>>>
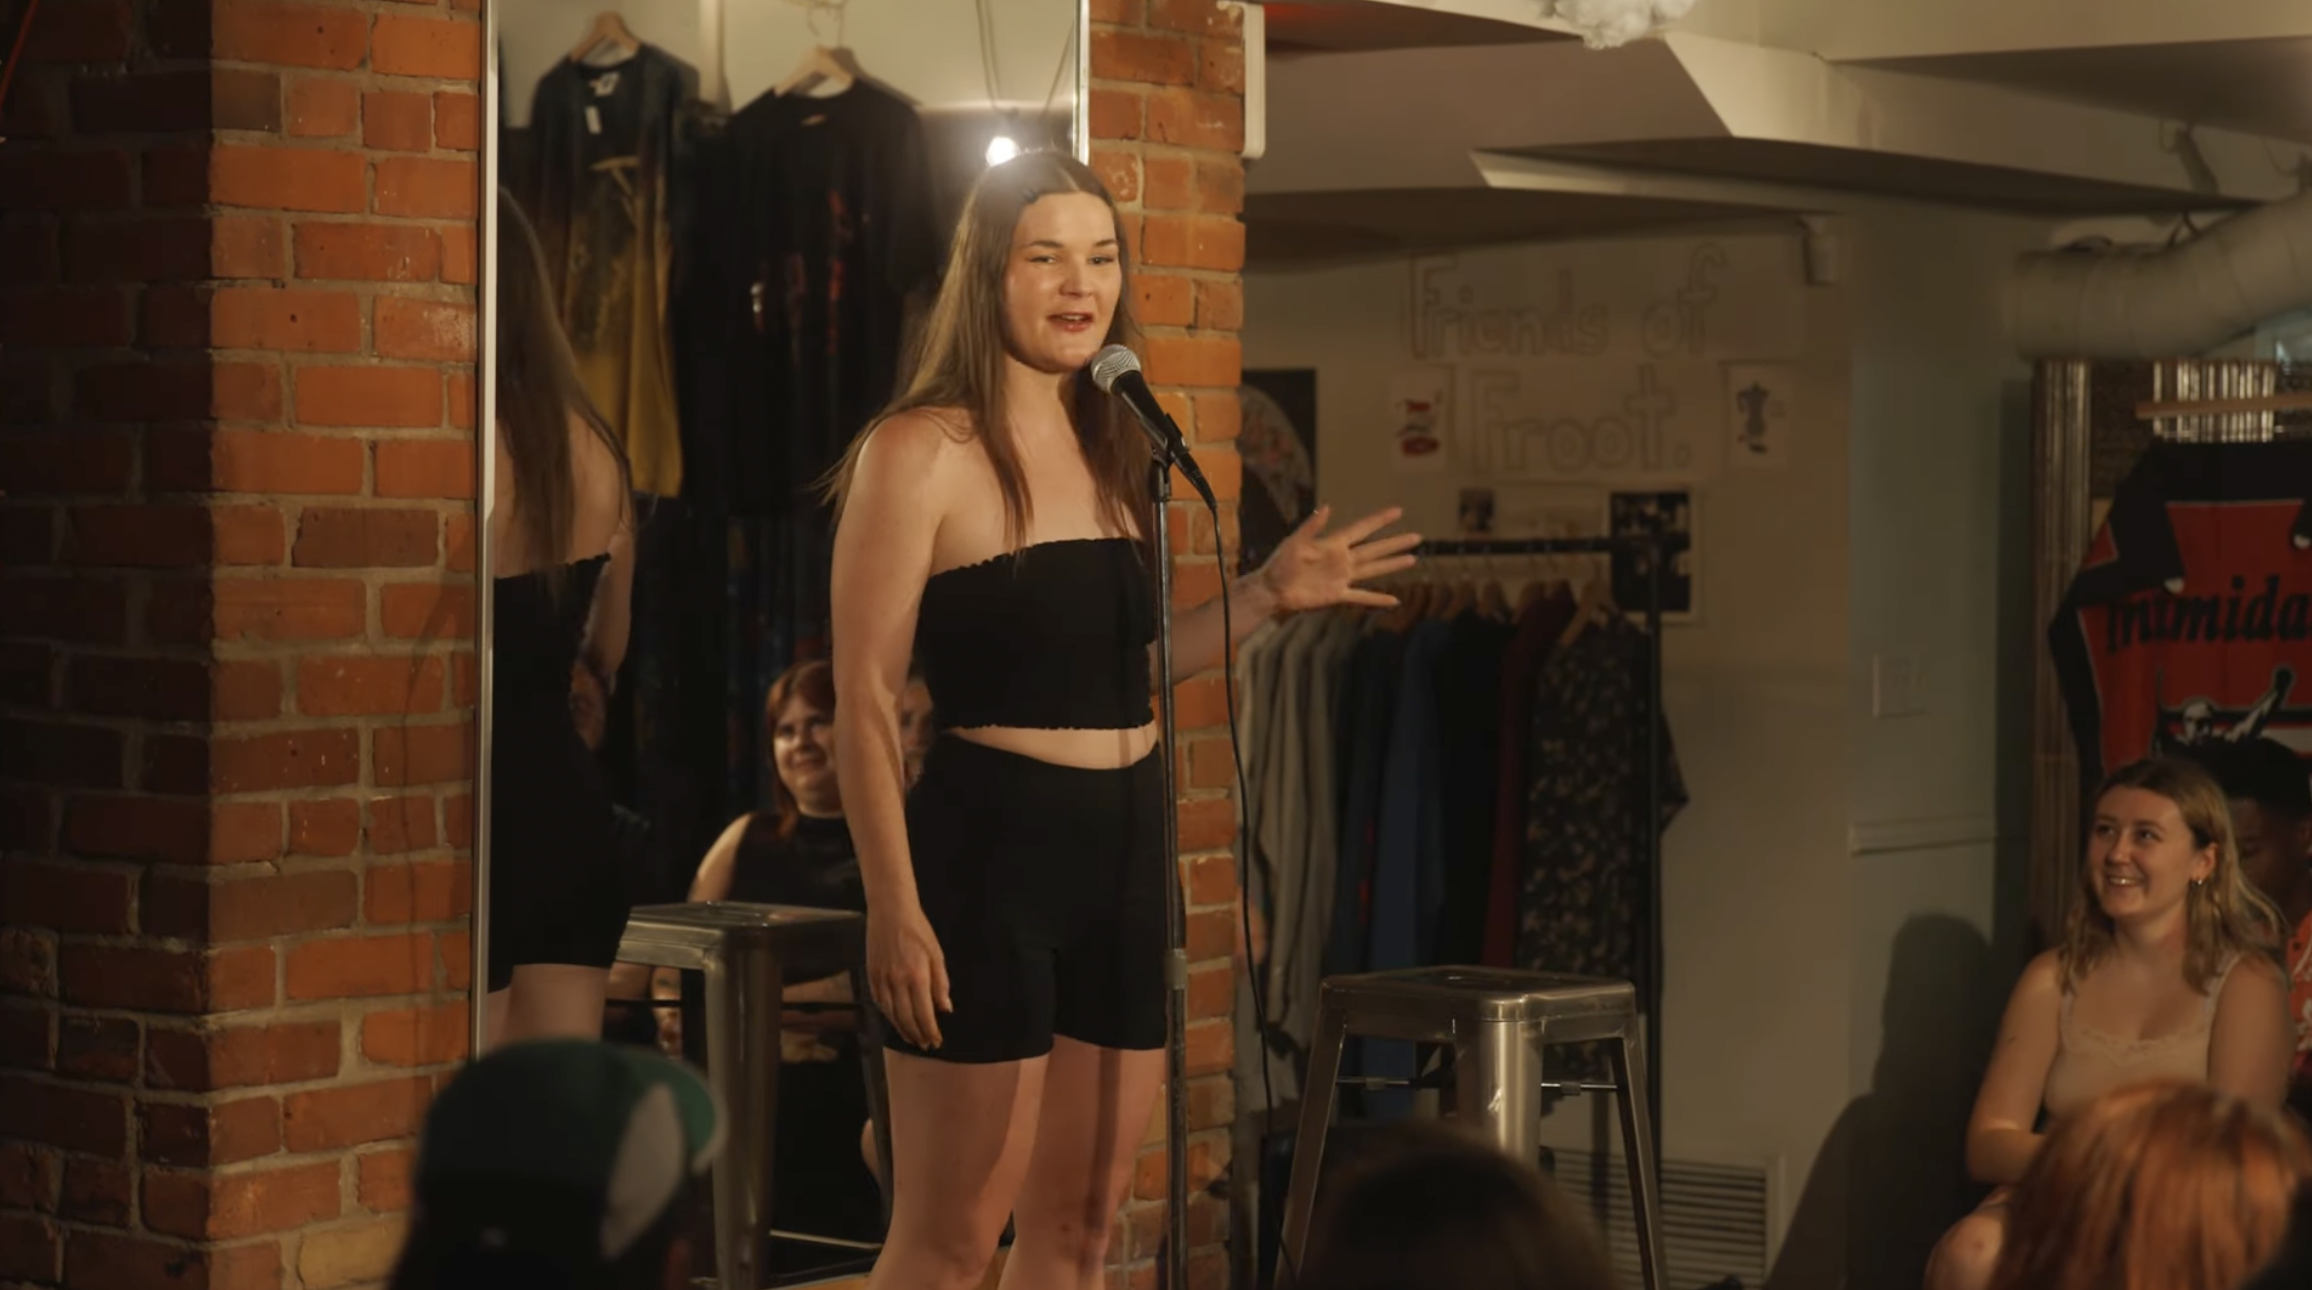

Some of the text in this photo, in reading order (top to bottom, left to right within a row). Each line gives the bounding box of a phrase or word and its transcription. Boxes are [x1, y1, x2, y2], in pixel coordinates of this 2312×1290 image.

[1410, 241, 1727, 360] Friends of
[1470, 363, 1691, 474] Froot.
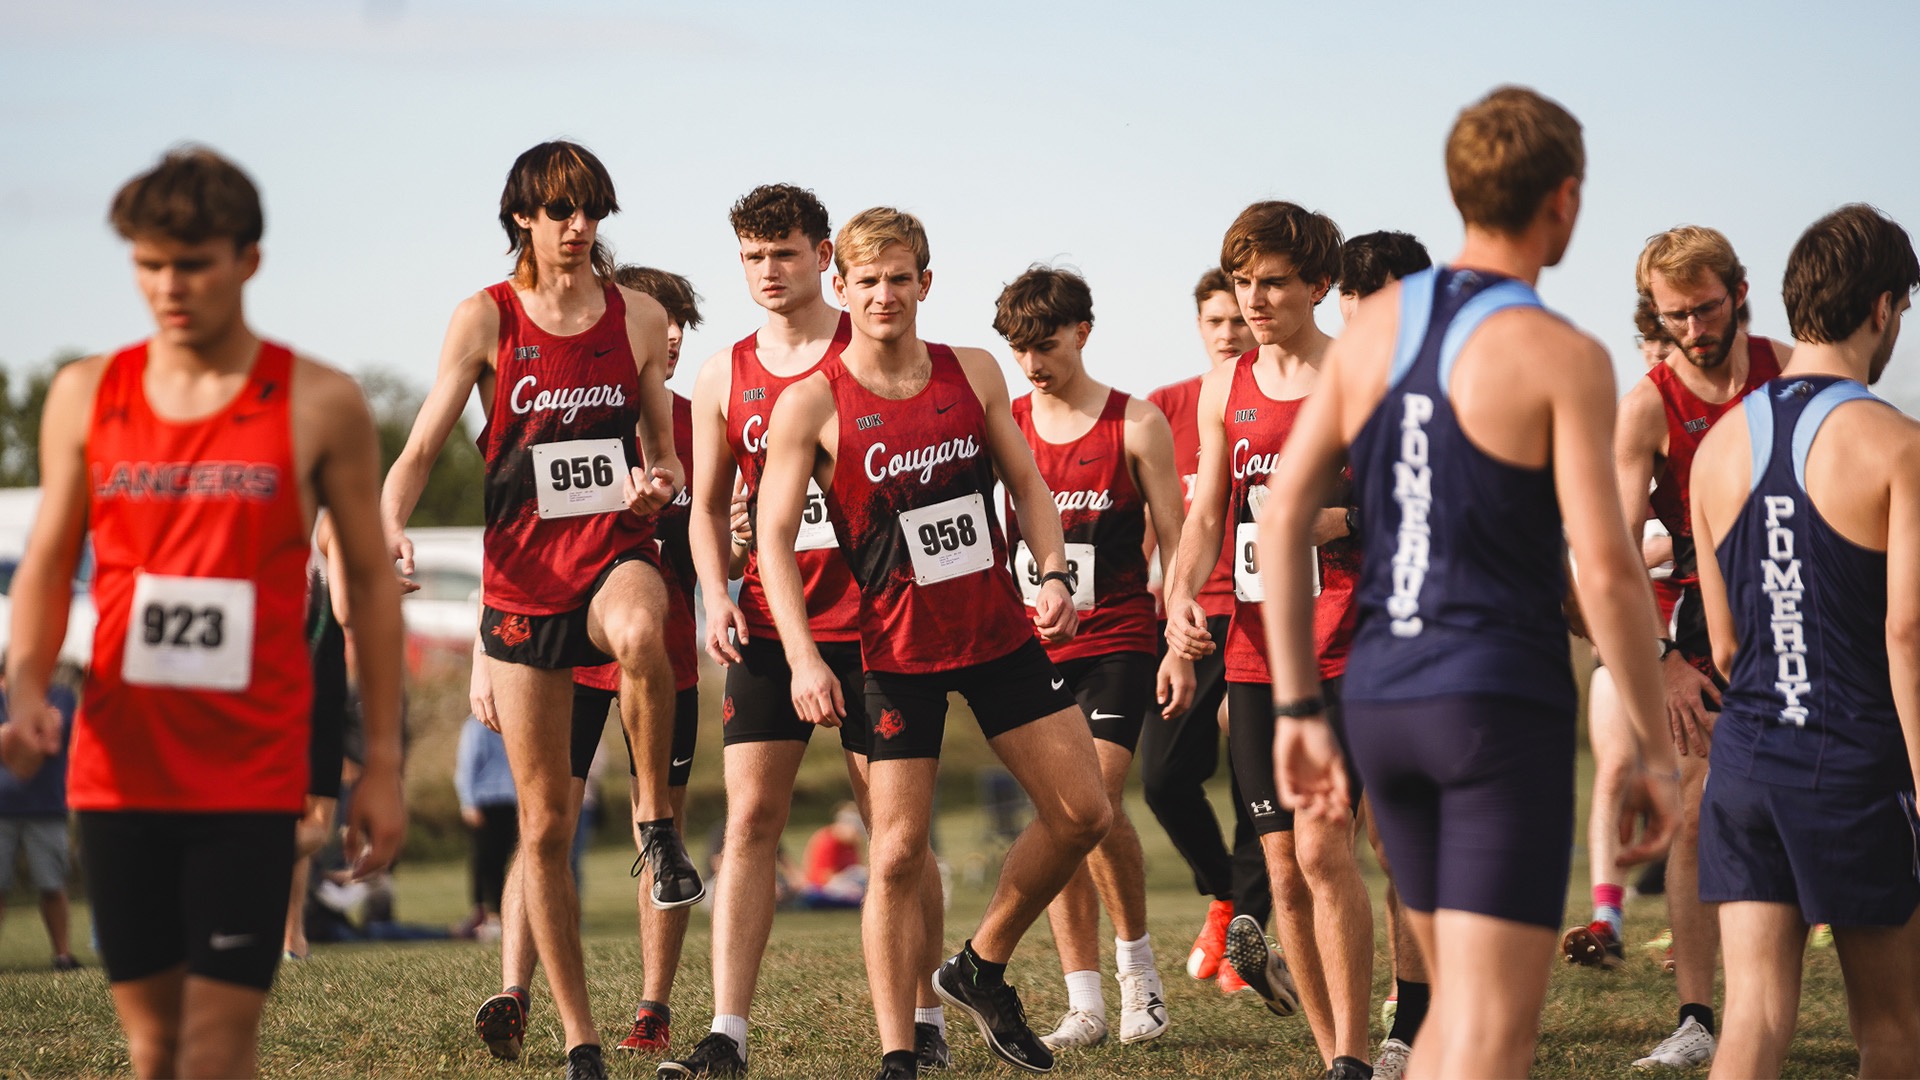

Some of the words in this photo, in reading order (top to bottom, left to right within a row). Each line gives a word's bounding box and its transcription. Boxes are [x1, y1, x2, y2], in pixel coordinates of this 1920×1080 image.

[515, 345, 540, 360] IUK
[510, 375, 625, 424] Cougars
[743, 387, 765, 402] IUK
[856, 413, 883, 430] IUK
[1234, 408, 1257, 423] IUK
[550, 454, 614, 491] 956
[864, 434, 979, 484] Cougars
[90, 461, 279, 500] LANCERS
[918, 513, 978, 556] 958
[143, 603, 226, 648] 923
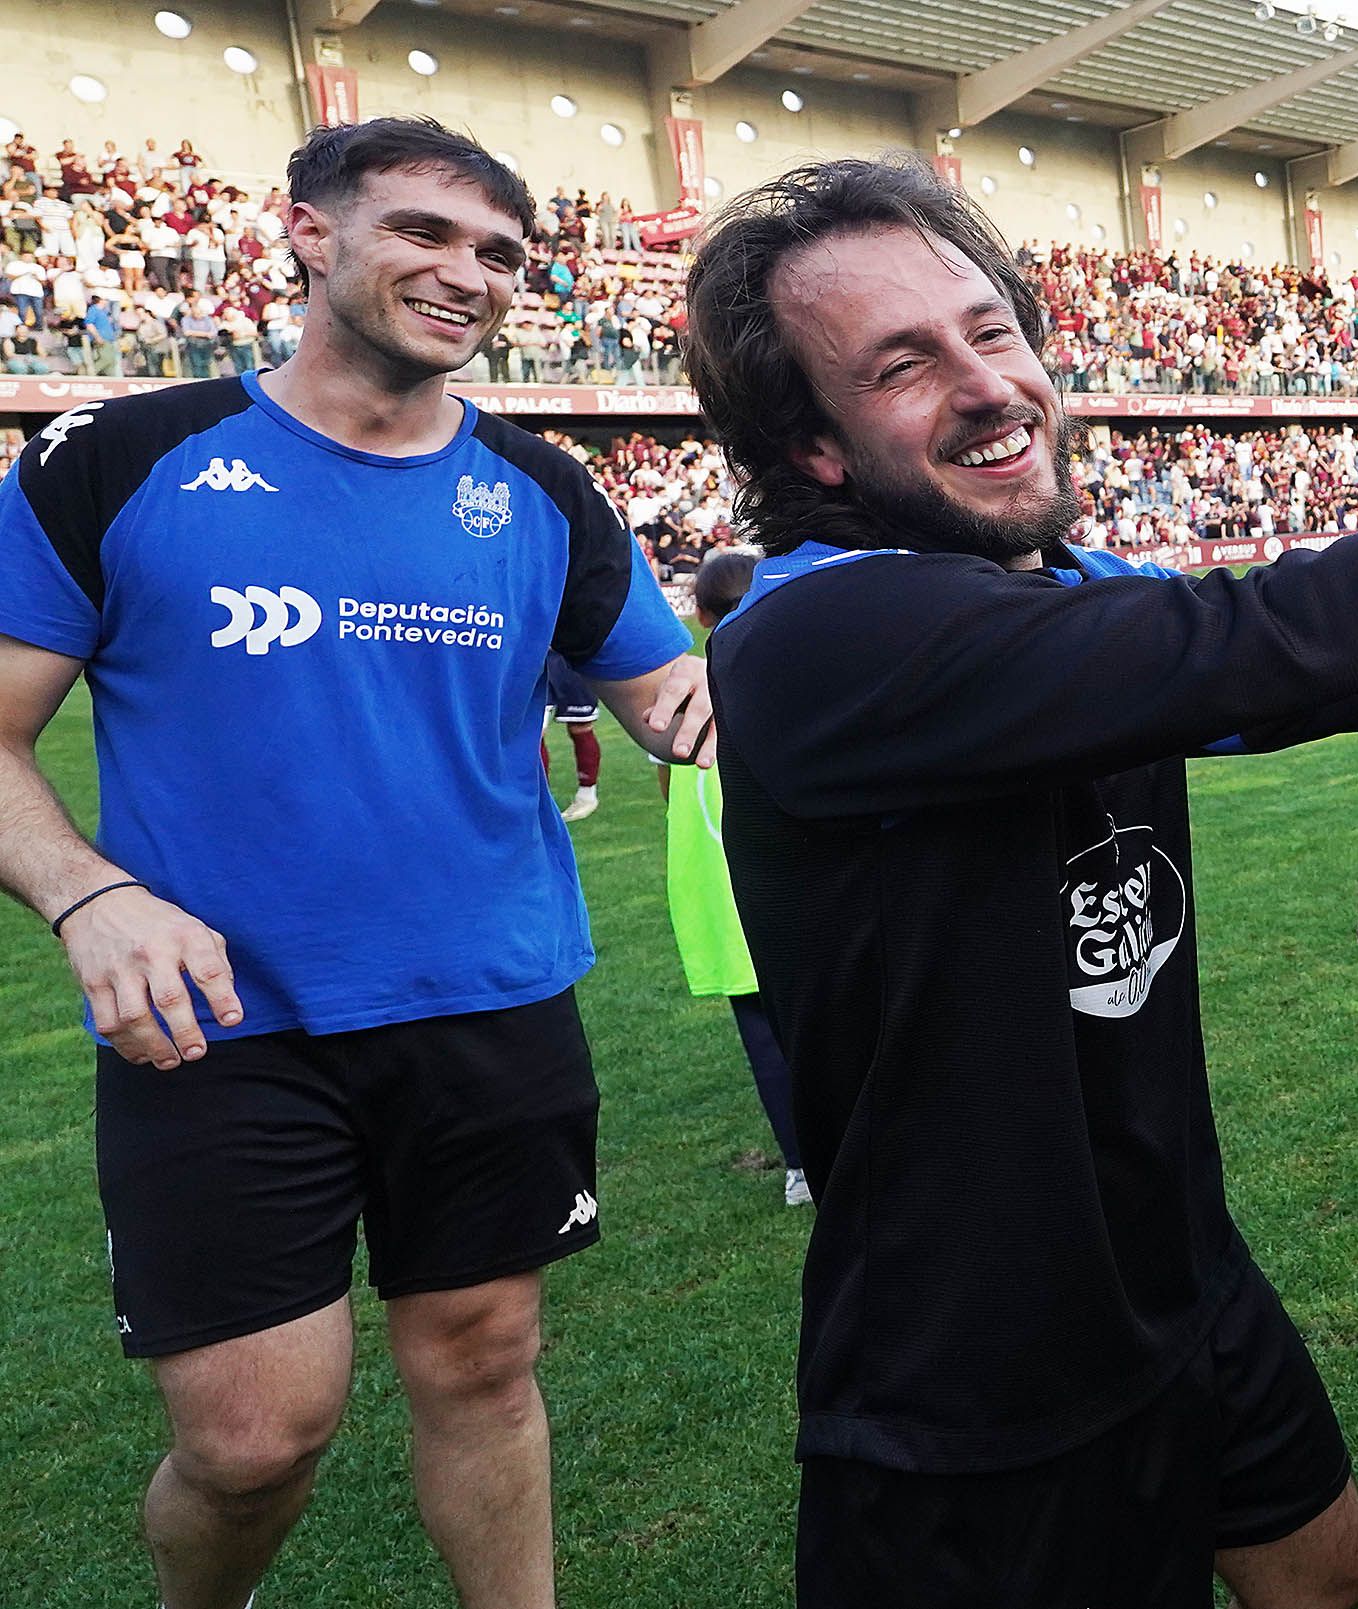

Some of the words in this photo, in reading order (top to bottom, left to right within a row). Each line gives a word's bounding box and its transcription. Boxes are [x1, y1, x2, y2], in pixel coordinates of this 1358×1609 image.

[505, 397, 573, 413] PALACE
[596, 390, 657, 413] Diario
[338, 597, 504, 628] Deputación
[339, 620, 502, 649] Pontevedra
<<<
- _Exercise_:
The answer should be an exact copy of the material, with its pictures removed.

- _Solution to the problem_:
Some of the text in this photo, in reading order (top to bottom, left to right within a row). Each line gives the bounding box of a phrase or word and its transcription. Boxes are [x1, y1, x2, y2], in pixel coordinates of this 2312×1290 image.

[1410, 241, 1727, 360] Friends of
[1470, 363, 1691, 474] Froot.

Some of the words in this photo, in reading order (top to bottom, left to right within a row). Each line gives a word's bounding box and its transcription. Boxes are [x1, y1, x2, y2], in pixel coordinates of this 1920×1080 image.

[515, 345, 540, 360] IUK
[510, 375, 625, 424] Cougars
[743, 387, 765, 402] IUK
[856, 413, 883, 430] IUK
[1234, 408, 1257, 423] IUK
[550, 454, 614, 491] 956
[864, 434, 979, 484] Cougars
[90, 461, 279, 500] LANCERS
[918, 513, 978, 556] 958
[143, 603, 226, 648] 923

Some of the words in this photo, in reading order (top to bottom, left to right within a row). Each line gives a word's bounding box and its transcription. Boxes are [x1, y1, x2, y2], in pixel coordinates of this 1358×1609 image.

[505, 397, 573, 413] PALACE
[596, 390, 657, 413] Diario
[338, 597, 504, 628] Deputación
[339, 620, 502, 649] Pontevedra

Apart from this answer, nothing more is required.